I also have a couple of projects that would benefit from your application. Thanks for the offer!

Ditto Doug.

i would love to see that as well.
i’m trying to export a panorama 6 doc into an excel file and ultimately into quickbooks online.
would what you’re talking about help in my situation?
thank you,
mark

An export from PanoramaX to Excel usually does not need a complex workflow that includes Panorama procedures AND Excel Visual Basic macros. All you need is to export the data into a CSV (or TSV) text file. Have a look at the menu File > Export > …

Import into QuickBooks Online? Is this possible? Financial Transactions? Or just Customer records?

I’ve put three files on Dropbox. One is a Pan 6 procedure which imports all of the .xls files from a folder (you may be using .xlxs files) and exports them as text files into another folder. The procedure contains a lot of code you won’t need because it was written to cope with all sorts of peculiarities in the incoming files. The core code is quite simple. The code is in a Text file because I haven’t been able to use Pan6 for a year or so due to irrecoverable loss of registration.

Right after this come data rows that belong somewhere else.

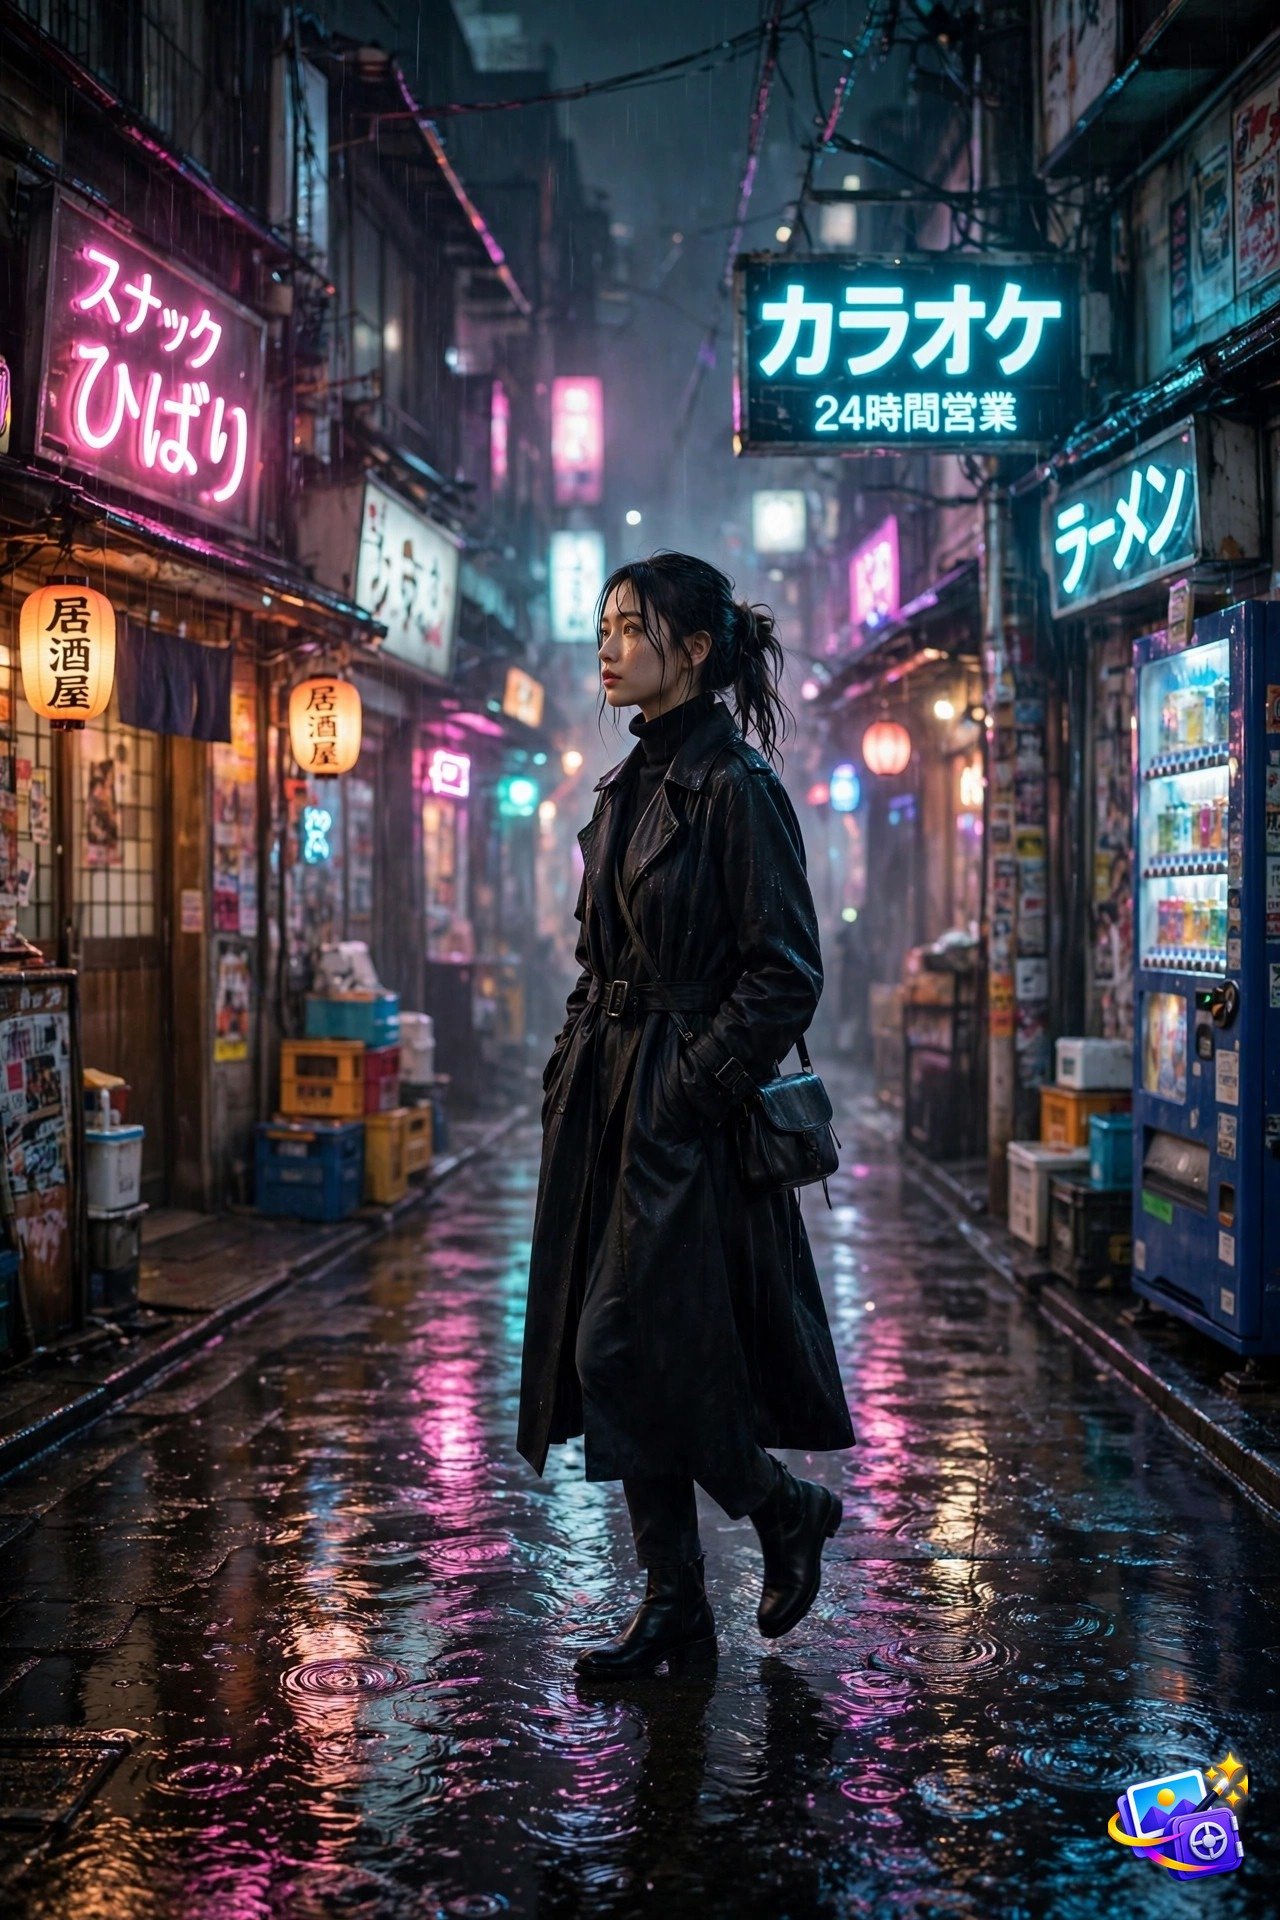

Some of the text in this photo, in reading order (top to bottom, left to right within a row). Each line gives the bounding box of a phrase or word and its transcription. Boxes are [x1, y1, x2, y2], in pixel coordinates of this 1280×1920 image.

[78, 248, 222, 368] スナック
[758, 283, 1062, 377] カラオケ
[76, 344, 248, 502] ひばり
[814, 391, 1018, 433] 24時間営業
[1055, 464, 1186, 594] ラーメン
[46, 596, 91, 709] 居酒屋
[306, 685, 338, 765] 居酒屋
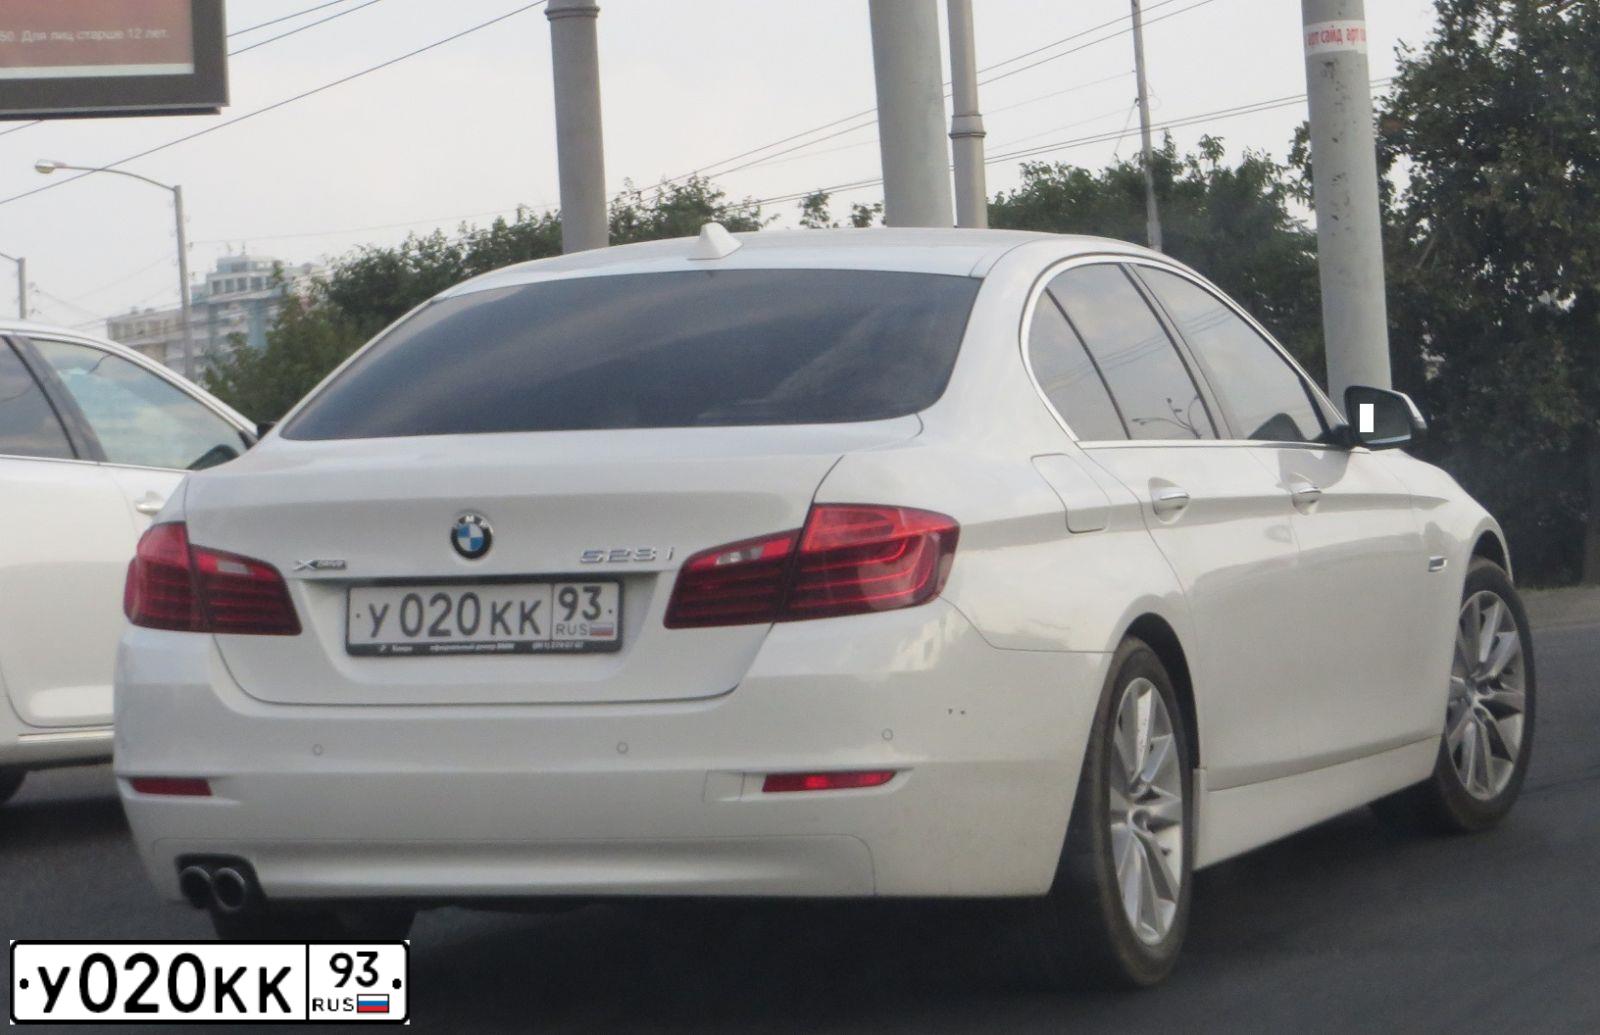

Another file is an Excel macro which Pan6 uses in the import process and the third is an Excel macro that produces an output file as a fully formatted Excel spreadsheet (which you may not want).

There’s a lot more to the output process than the snippet shown.

Download the files at Dropbox - File Deleted - Simplify your life

I missed one file there. here’s a new link:

I have set up many custom invoice files for clients, with the opposing credit or debit entry, exported the records, then imported the text files into several different accounting programs over the years, however, I could never do it in QuickBooks. Quickbooks allowed you to import customers, vendors, items, etc., but it didn’t allow you to import transactions.

It may be different now, but it was a very shaky program for the Mac. It worked well on PCs, but not so much on the Mac. I had to rebuild several client hard drives because a QuickBooks update corrupted their directories.